Price Gouging Weekly Round Up: July 19, 2021: COVID Testing & Amazon Suit
On July 14, 2021, the Minnesota Legislative Auditor’s Office announced the results of its special review following reports that two COVID-19 testing companies overbilled for their tests. As of June, the Department of Health had paid out $3.1 million to one company for direct testing costs. The Minnesota Department of Health could be required to pay $74.96 million to both companies if private insurance companies do not fully cover the costs for testing. The auditors determined that at least through April of 2021, state programs did not make excessive payments to these companies that would be considered price gouging.
The Kentucky Attorney General announced a settlement with a fuel retailer following an investigation into price gouging allegations in the wake of the Colonial Pipeline shutdown. The state received eleven consumer complaints regarding possible price gouging by the gas station. According to the state, the retailer increased prices between 9.4 percent and 19.4 percent during the period between May 11 and May 13, 2021. As part of the settlement, the retailer has agreed to disgorge its profits in the amount of $5,666.40.
A group of consumers filed suit against online retailer Amazon in a Washington federal court alleging Amazon violated Washington’s consumer protection statute that prohibits “unfair methods of competition.” The suit alleges that the prices of necessary safety items, like pain relievers and face masks, increased by up to five hundred percent over prices for those same items before the pandemic emerged. While Washington does not have a specific price gouging statute, the complaint alleges that Washington’s consumer protection law should be interpreted to prohibit price increases of more than 15% during a state of emergency. To support their interpretation of the Washington statute, the plaintiffs allege the statute should be broadly construed and interpreted in light of federal law and other state laws.
After sixteen months, Alabama Governor Kay Ivey lifted the state’s COVID-19 state of emergency. The period was the longest state of emergency in the state’s history. In her statement, Ivey referred to the state’s declining infection and hospitalization rates and continued vaccine administration. With the termination of the COVID-related emergency declaration, Alabama’s price gouging statute is no longer active, though the stature of limitations for enforcement remains in effect for 5 years.

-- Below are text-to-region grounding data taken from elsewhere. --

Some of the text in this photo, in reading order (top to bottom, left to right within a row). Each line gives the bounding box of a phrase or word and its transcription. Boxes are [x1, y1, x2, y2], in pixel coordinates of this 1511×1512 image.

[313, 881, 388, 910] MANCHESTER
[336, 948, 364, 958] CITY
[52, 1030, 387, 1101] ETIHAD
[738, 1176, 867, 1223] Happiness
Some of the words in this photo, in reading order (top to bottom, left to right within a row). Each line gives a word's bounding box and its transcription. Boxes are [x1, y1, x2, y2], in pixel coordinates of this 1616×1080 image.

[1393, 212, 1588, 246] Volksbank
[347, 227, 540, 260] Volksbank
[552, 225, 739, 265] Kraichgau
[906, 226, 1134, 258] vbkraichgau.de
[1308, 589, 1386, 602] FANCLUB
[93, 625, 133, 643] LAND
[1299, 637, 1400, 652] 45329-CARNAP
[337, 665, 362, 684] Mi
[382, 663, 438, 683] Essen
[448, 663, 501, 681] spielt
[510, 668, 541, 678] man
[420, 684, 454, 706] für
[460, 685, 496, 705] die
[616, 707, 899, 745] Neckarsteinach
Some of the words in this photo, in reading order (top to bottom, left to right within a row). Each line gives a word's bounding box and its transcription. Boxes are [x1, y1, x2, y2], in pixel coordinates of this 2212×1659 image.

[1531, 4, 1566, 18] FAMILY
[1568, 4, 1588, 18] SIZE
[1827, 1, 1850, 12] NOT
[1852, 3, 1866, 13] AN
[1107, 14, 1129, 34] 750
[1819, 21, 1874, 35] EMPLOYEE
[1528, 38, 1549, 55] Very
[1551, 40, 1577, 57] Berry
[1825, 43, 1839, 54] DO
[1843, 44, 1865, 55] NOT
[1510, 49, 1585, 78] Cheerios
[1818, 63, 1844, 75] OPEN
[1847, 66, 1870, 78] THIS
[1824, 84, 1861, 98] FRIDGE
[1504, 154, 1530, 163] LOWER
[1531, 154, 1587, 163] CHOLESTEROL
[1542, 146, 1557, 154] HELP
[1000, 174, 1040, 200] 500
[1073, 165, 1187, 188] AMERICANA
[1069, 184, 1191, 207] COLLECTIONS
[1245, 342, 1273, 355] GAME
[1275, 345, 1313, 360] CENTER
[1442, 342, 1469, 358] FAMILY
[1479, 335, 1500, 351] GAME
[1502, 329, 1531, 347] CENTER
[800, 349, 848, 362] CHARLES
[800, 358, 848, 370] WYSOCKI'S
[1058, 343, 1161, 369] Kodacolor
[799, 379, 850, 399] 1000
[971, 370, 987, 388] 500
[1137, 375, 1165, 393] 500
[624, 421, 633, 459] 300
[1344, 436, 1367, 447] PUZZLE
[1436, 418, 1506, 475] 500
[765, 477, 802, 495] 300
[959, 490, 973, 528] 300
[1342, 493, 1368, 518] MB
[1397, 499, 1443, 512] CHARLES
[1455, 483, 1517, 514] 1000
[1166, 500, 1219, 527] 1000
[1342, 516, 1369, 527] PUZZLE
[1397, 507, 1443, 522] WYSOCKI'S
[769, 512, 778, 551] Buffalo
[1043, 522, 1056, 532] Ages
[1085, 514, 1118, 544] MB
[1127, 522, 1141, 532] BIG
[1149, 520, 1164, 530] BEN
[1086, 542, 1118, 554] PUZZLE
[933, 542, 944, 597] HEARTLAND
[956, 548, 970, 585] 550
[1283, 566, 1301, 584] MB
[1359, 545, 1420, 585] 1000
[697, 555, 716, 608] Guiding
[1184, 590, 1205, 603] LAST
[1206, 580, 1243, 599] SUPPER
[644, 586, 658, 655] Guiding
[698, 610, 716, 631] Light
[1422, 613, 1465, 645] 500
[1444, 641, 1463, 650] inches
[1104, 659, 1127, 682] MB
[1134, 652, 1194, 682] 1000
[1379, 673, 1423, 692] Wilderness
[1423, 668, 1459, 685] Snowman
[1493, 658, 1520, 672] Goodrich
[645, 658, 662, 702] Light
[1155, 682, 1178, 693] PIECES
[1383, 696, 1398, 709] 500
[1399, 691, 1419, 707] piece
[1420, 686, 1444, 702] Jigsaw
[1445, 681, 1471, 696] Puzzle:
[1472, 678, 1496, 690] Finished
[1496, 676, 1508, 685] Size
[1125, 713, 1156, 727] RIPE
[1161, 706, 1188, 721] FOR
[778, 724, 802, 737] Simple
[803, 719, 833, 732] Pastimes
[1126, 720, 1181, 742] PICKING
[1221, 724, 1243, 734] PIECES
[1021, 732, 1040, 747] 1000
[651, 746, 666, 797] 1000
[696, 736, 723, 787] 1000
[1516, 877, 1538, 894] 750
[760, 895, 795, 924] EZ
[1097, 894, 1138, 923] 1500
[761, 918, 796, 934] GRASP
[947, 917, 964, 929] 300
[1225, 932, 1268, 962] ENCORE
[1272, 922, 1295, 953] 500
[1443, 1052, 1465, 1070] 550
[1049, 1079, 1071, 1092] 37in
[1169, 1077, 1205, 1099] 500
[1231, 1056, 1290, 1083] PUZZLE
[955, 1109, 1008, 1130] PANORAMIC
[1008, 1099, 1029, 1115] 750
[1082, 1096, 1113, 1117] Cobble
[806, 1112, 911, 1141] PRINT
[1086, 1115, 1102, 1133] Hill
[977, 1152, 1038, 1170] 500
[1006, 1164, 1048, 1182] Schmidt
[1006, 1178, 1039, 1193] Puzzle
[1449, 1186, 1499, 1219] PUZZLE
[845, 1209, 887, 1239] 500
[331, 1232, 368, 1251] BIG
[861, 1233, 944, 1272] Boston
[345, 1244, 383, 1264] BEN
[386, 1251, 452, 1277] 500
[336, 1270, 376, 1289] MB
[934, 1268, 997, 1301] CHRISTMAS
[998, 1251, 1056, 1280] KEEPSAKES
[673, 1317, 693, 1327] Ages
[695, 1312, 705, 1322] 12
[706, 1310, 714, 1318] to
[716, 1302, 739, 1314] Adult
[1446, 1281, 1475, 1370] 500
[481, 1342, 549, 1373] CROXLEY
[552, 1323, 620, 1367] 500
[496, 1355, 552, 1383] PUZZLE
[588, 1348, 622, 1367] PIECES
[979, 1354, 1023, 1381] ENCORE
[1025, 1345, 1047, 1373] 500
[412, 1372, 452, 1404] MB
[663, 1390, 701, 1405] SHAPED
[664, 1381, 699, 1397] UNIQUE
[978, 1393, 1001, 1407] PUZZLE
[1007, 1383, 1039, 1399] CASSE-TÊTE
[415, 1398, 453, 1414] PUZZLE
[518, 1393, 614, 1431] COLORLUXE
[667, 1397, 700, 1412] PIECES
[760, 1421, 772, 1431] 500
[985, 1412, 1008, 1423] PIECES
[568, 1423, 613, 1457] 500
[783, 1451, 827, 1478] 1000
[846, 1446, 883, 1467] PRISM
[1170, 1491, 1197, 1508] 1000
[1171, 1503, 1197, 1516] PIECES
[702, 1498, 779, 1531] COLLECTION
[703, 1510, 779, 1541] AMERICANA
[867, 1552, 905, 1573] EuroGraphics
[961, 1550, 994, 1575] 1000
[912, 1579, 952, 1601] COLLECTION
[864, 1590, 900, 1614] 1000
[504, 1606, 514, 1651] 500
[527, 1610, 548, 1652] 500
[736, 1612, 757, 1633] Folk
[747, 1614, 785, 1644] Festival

At last week’s hearing before the Missouri Legislature, farming leaders raised concerns about potential price gouging by meat companies. The farmers point to the difference between the prices farmers and feeders receive and the end price for boxed beef. Last year, the Missouri Attorney General asked the U.S. Department of Justice to investigate meat packers. The farmers also discussed the other issues that arose in the cattle industry during the COVID-19 pandemic.